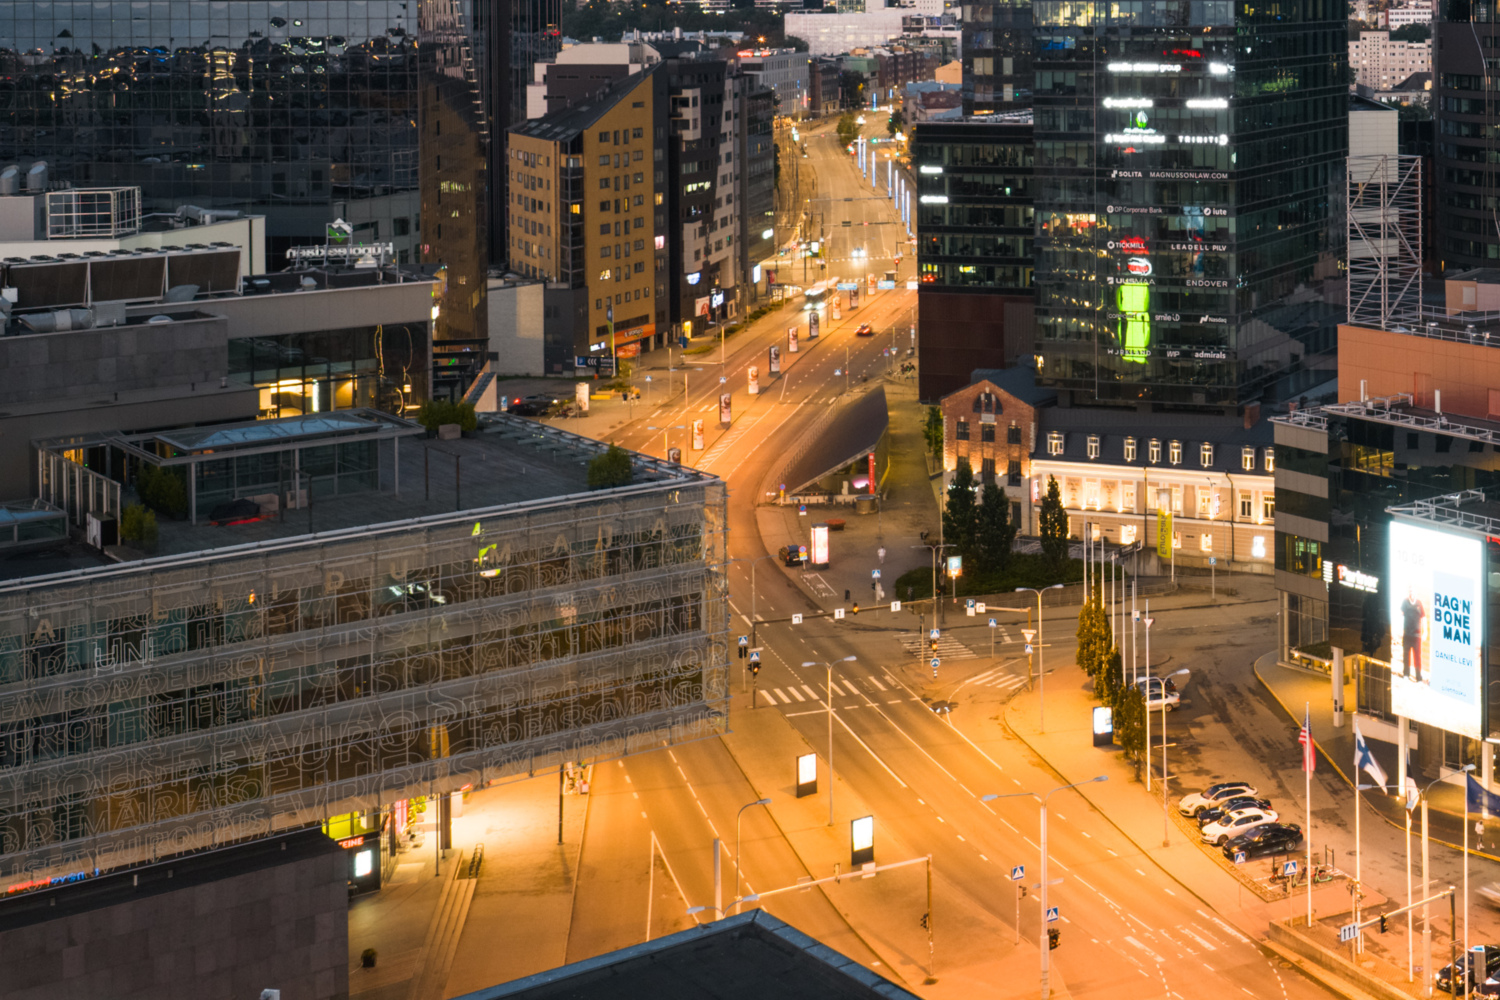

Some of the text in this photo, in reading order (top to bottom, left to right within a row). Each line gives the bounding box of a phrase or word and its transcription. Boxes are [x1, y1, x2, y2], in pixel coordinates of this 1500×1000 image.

[1149, 171, 1228, 179] MAGNUSSONLAW.COM
[1123, 206, 1147, 214] Corporate
[1212, 208, 1227, 216] iute
[1115, 241, 1146, 249] TICKMILL
[1171, 243, 1210, 251] LEADELL
[1115, 277, 1155, 285] UUSMAA
[1186, 279, 1228, 288] ENDOVER
[1194, 350, 1226, 359] admirals
[1434, 608, 1471, 630] BONE
[1443, 625, 1471, 646] MAN
[1435, 650, 1473, 668] DANIEL LEVI

=====

_Instructions for the task_
Retype the entries word for word. Omit any images.

_Response for this exercise_
Some of the text in this photo, in reading order (top to bottom, left to right within a row). Each line gives the bounding box of a phrase or word and its transcription. Boxes are [x1, y1, x2, y2], in pixel coordinates of this 1500×1000 image.

[1149, 171, 1228, 179] MAGNUSSONLAW.COM
[1123, 206, 1147, 214] Corporate
[1212, 208, 1227, 216] iute
[1115, 241, 1146, 249] TICKMILL
[1171, 243, 1210, 251] LEADELL
[1115, 277, 1155, 285] UUSMAA
[1186, 279, 1228, 288] ENDOVER
[1194, 350, 1226, 359] admirals
[1434, 608, 1471, 630] BONE
[1443, 625, 1471, 646] MAN
[1435, 650, 1473, 668] DANIEL LEVI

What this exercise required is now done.